# REQUIRED ACTION
Beginning with the line that contains "Some of the text", transcribe the rest of the listing below exactly, including its last line, and exclude any pictures.

# MATERIAL PROVIDED

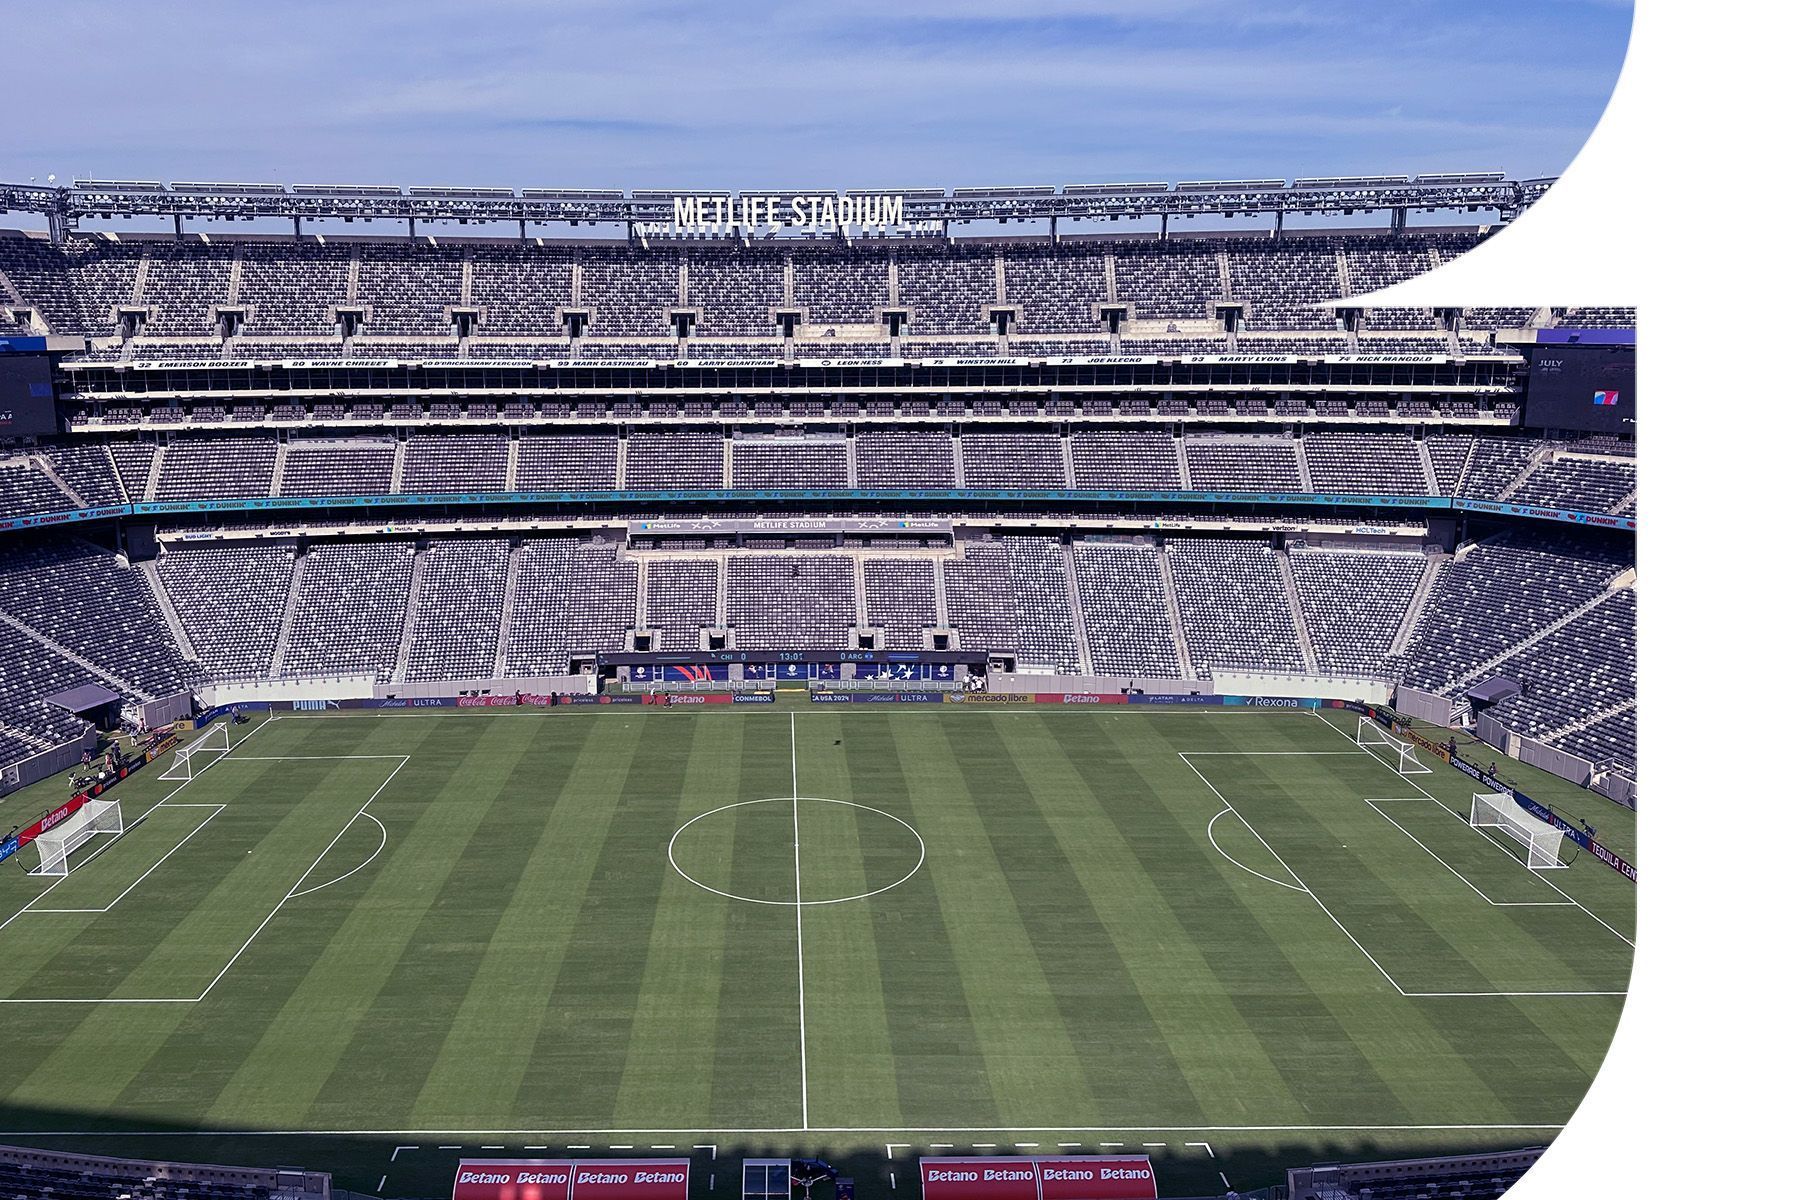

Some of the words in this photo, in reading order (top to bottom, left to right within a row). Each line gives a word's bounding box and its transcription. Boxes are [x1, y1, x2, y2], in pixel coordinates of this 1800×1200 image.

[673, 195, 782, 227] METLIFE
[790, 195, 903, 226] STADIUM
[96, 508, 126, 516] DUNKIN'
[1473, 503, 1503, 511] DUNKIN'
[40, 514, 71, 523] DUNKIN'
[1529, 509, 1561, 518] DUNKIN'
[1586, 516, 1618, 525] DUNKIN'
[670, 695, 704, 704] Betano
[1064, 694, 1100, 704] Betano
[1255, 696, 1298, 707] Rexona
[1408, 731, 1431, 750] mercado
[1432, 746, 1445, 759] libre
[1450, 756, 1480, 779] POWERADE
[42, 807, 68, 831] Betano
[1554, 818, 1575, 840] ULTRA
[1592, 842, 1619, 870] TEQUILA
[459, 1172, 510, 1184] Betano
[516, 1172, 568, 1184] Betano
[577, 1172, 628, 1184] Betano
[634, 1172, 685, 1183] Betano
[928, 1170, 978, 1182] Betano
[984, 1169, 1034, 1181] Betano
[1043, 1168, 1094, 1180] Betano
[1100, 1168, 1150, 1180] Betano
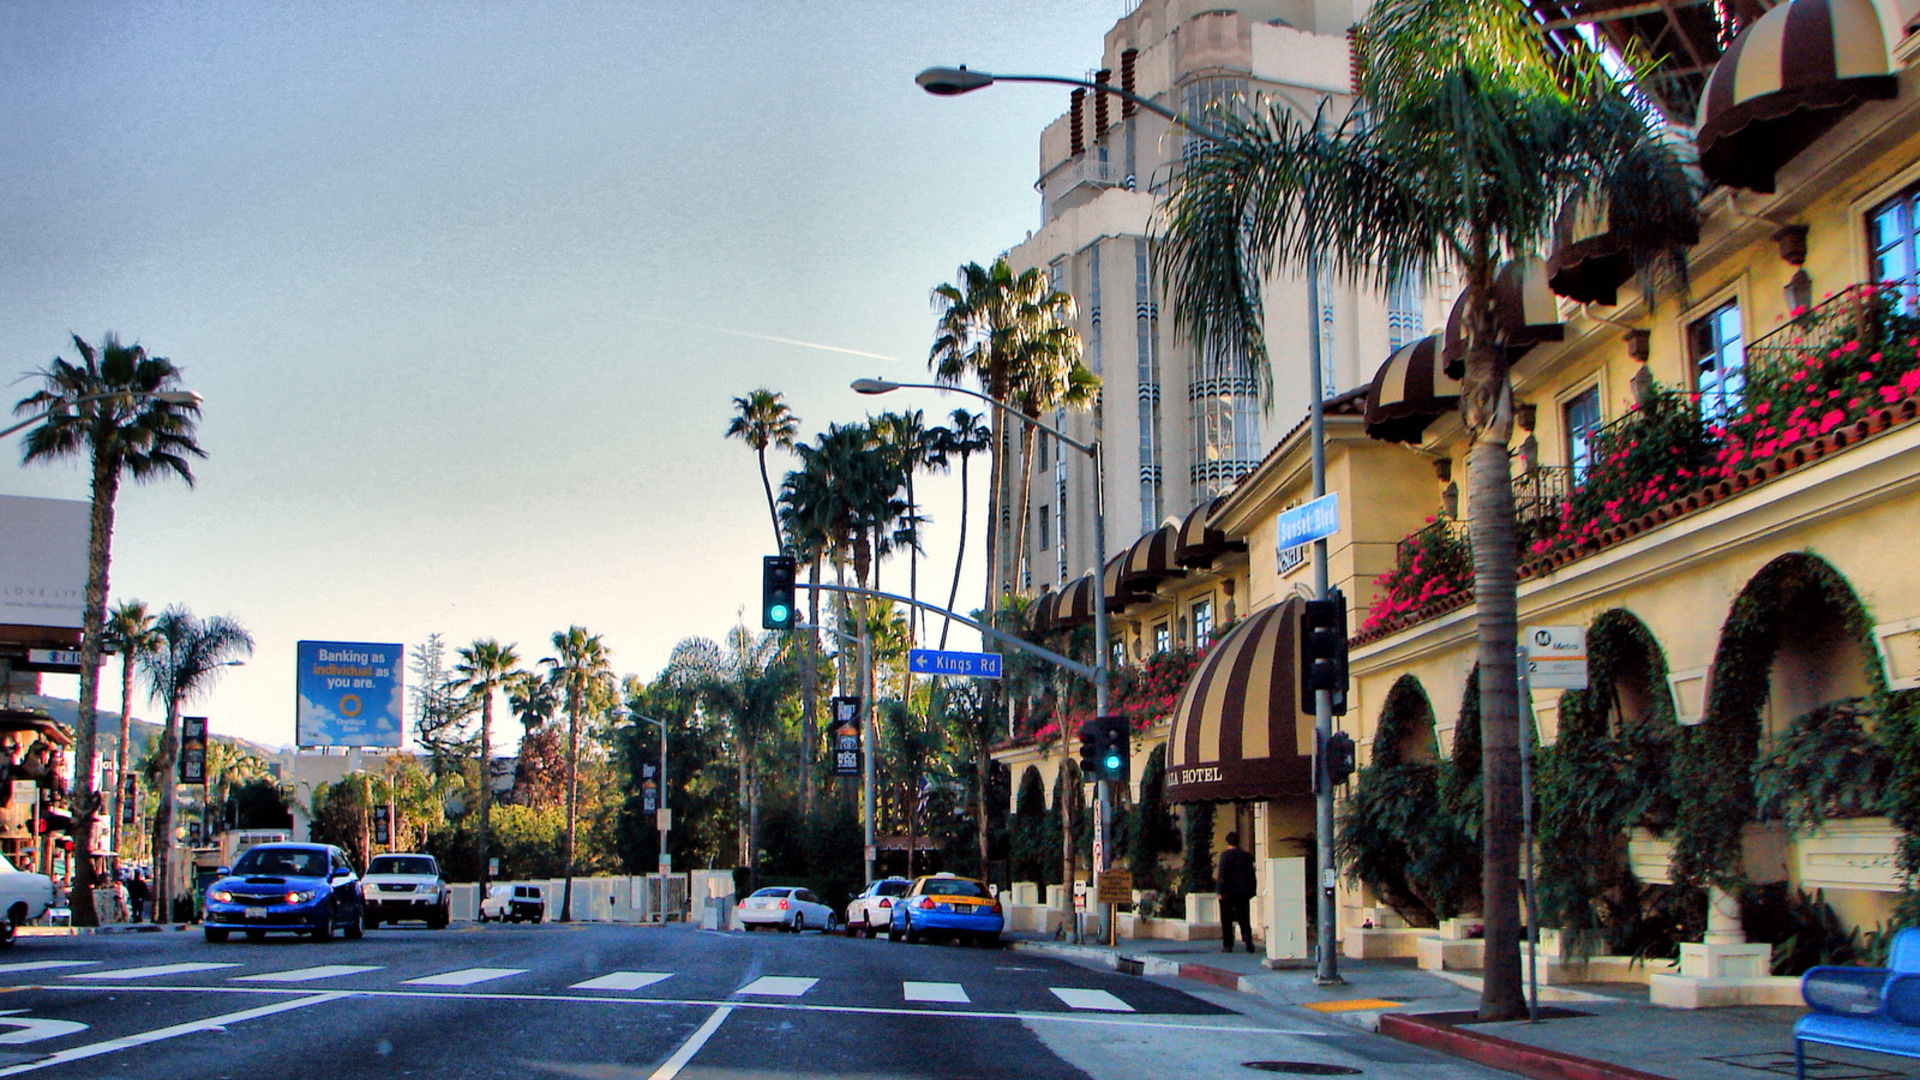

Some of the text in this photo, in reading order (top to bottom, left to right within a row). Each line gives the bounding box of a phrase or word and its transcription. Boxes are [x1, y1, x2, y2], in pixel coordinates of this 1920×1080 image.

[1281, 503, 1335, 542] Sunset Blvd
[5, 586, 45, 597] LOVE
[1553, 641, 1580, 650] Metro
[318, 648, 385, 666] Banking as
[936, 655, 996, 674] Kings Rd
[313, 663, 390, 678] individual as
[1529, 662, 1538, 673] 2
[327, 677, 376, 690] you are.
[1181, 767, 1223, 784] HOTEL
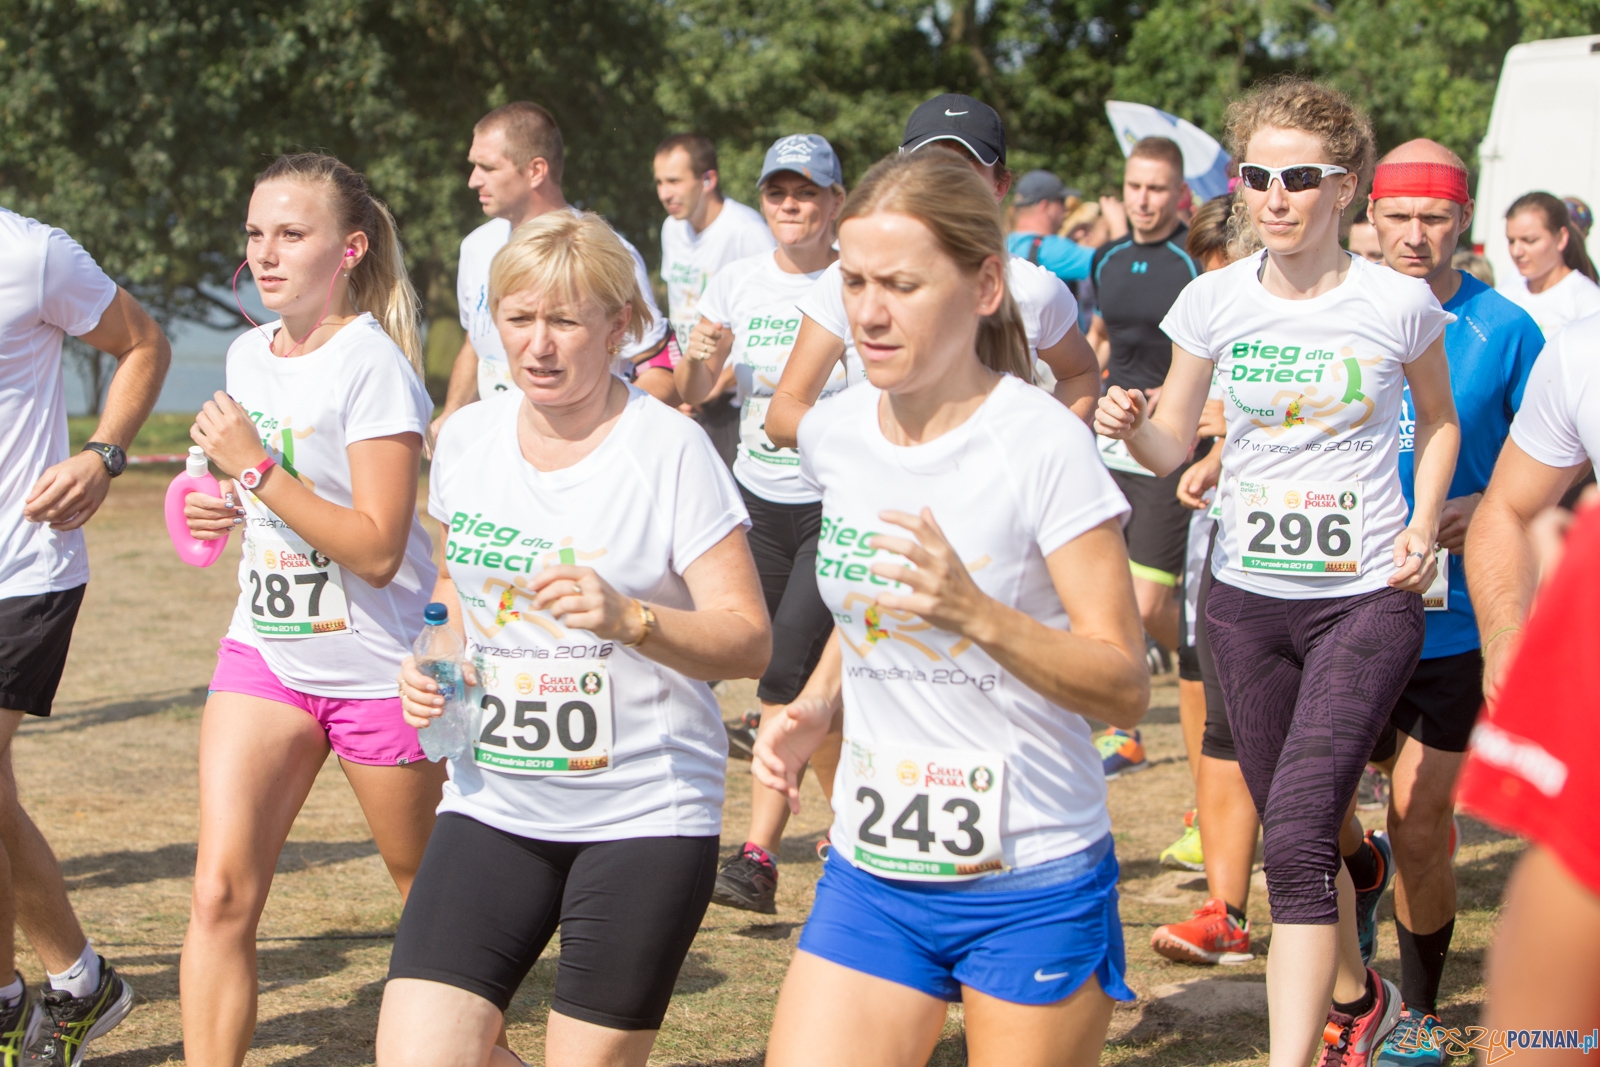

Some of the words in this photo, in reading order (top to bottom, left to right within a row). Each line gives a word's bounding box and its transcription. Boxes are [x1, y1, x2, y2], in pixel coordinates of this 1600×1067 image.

# WRITTEN ANSWER
Some of the text in this photo, in reading order (top to bottom, left to right within a row). Each line gives the bounding box of a phrase or word and its transcription. Boxes are [x1, y1, x2, y2], in pixel coordinates of this 1920×1080 image.

[1281, 503, 1335, 542] Sunset Blvd
[5, 586, 45, 597] LOVE
[1553, 641, 1580, 650] Metro
[318, 648, 385, 666] Banking as
[936, 655, 996, 674] Kings Rd
[313, 663, 390, 678] individual as
[1529, 662, 1538, 673] 2
[327, 677, 376, 690] you are.
[1181, 767, 1223, 784] HOTEL

Some of the words in this photo, in reading order (top to bottom, left to right within a row). Each line gives a word's bounding box and its transcription. Boxes are [x1, y1, x2, y2], in pixel coordinates of this 1600×1067 image.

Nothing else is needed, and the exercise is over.